(Assignment) Everything in the listing below needs restating exactly, apart from the pictures.

(Input records)
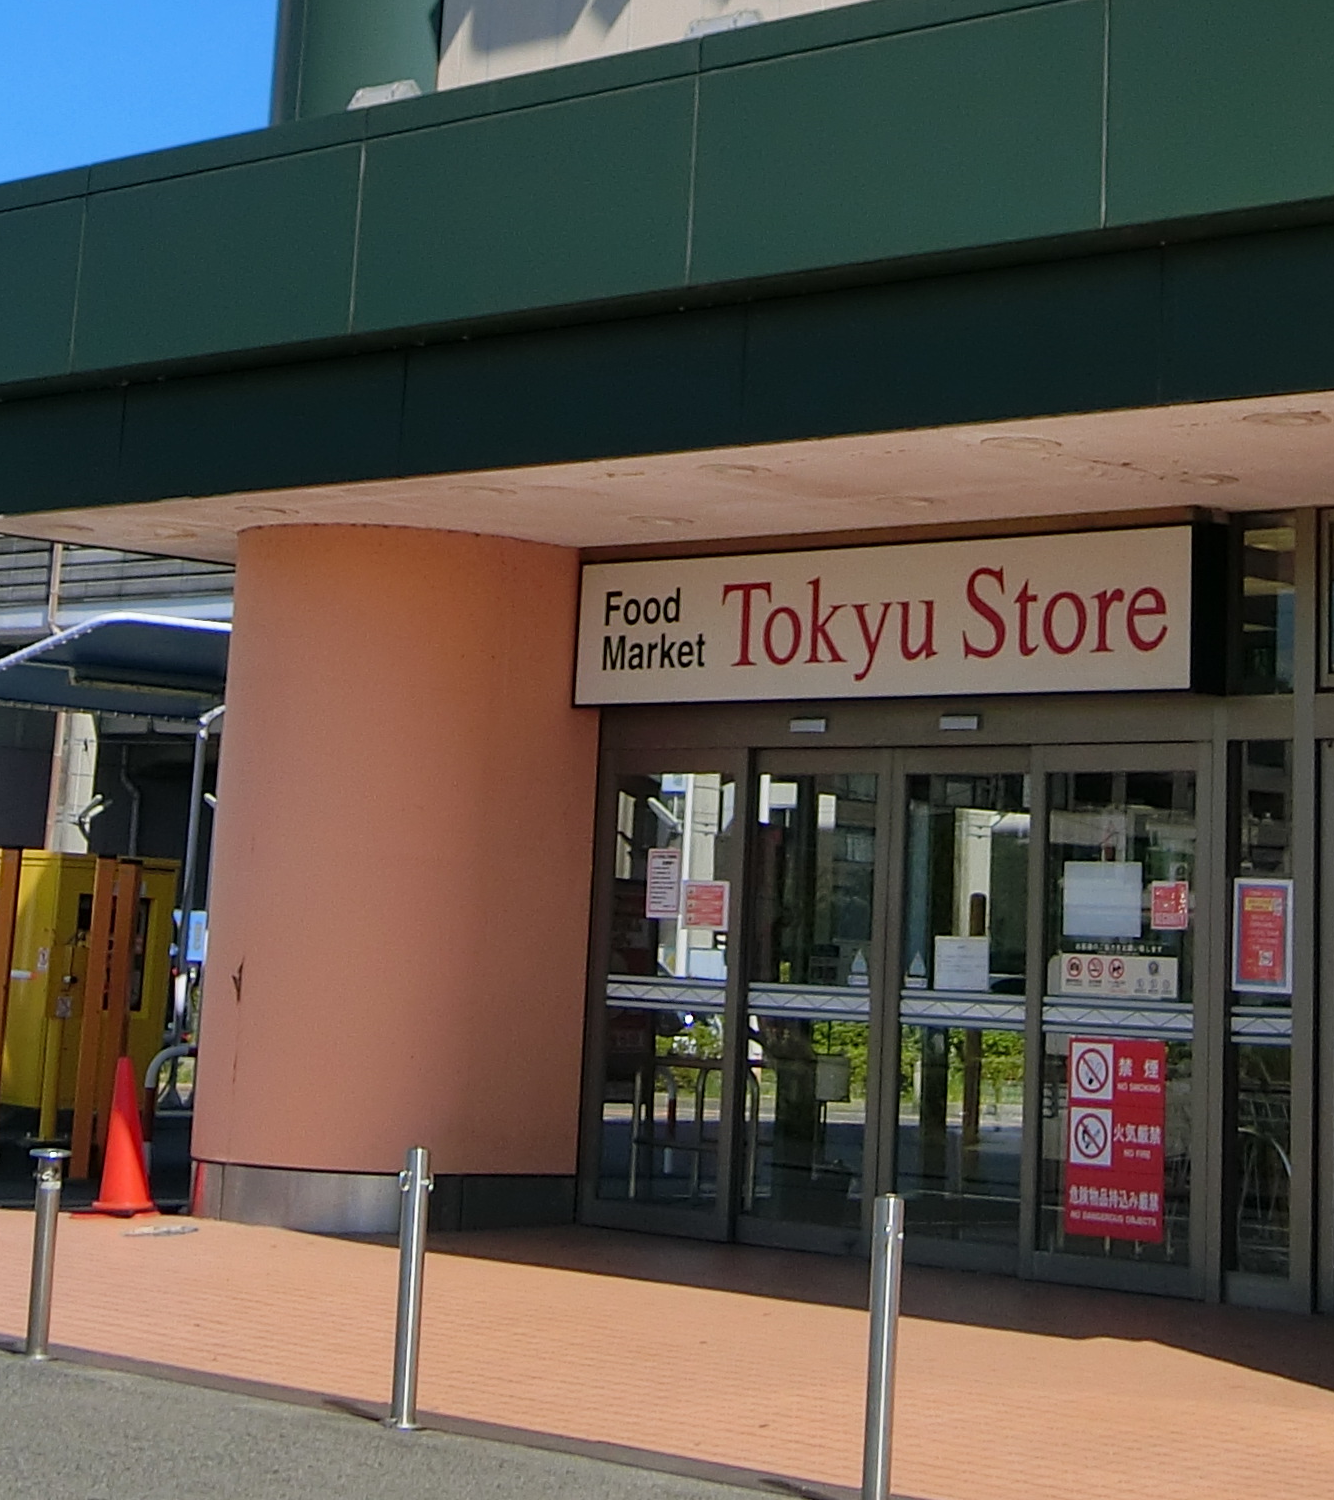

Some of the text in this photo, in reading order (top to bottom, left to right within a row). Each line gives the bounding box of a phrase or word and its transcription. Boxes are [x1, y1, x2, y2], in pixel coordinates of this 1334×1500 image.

[603, 586, 682, 628] Food
[722, 565, 1169, 682] Tokyu Store
[601, 632, 706, 672] Market
[1118, 1056, 1160, 1079] 禁煙
[1117, 1082, 1161, 1094] NO SMOKING
[1113, 1123, 1162, 1146] 火気厳禁
[1123, 1148, 1151, 1160] NO FIRE
[1069, 1209, 1081, 1220] NO

(Answer)
Some of the text in this photo, in reading order (top to bottom, left to right within a row). Each line gives the bounding box of a phrase or word and its transcription. Boxes are [x1, y1, x2, y2], in pixel coordinates of this 1334×1500 image.

[603, 586, 682, 628] Food
[722, 565, 1169, 682] Tokyu Store
[601, 632, 706, 672] Market
[1118, 1056, 1160, 1079] 禁煙
[1117, 1082, 1161, 1094] NO SMOKING
[1113, 1123, 1162, 1146] 火気厳禁
[1123, 1148, 1151, 1160] NO FIRE
[1069, 1209, 1081, 1220] NO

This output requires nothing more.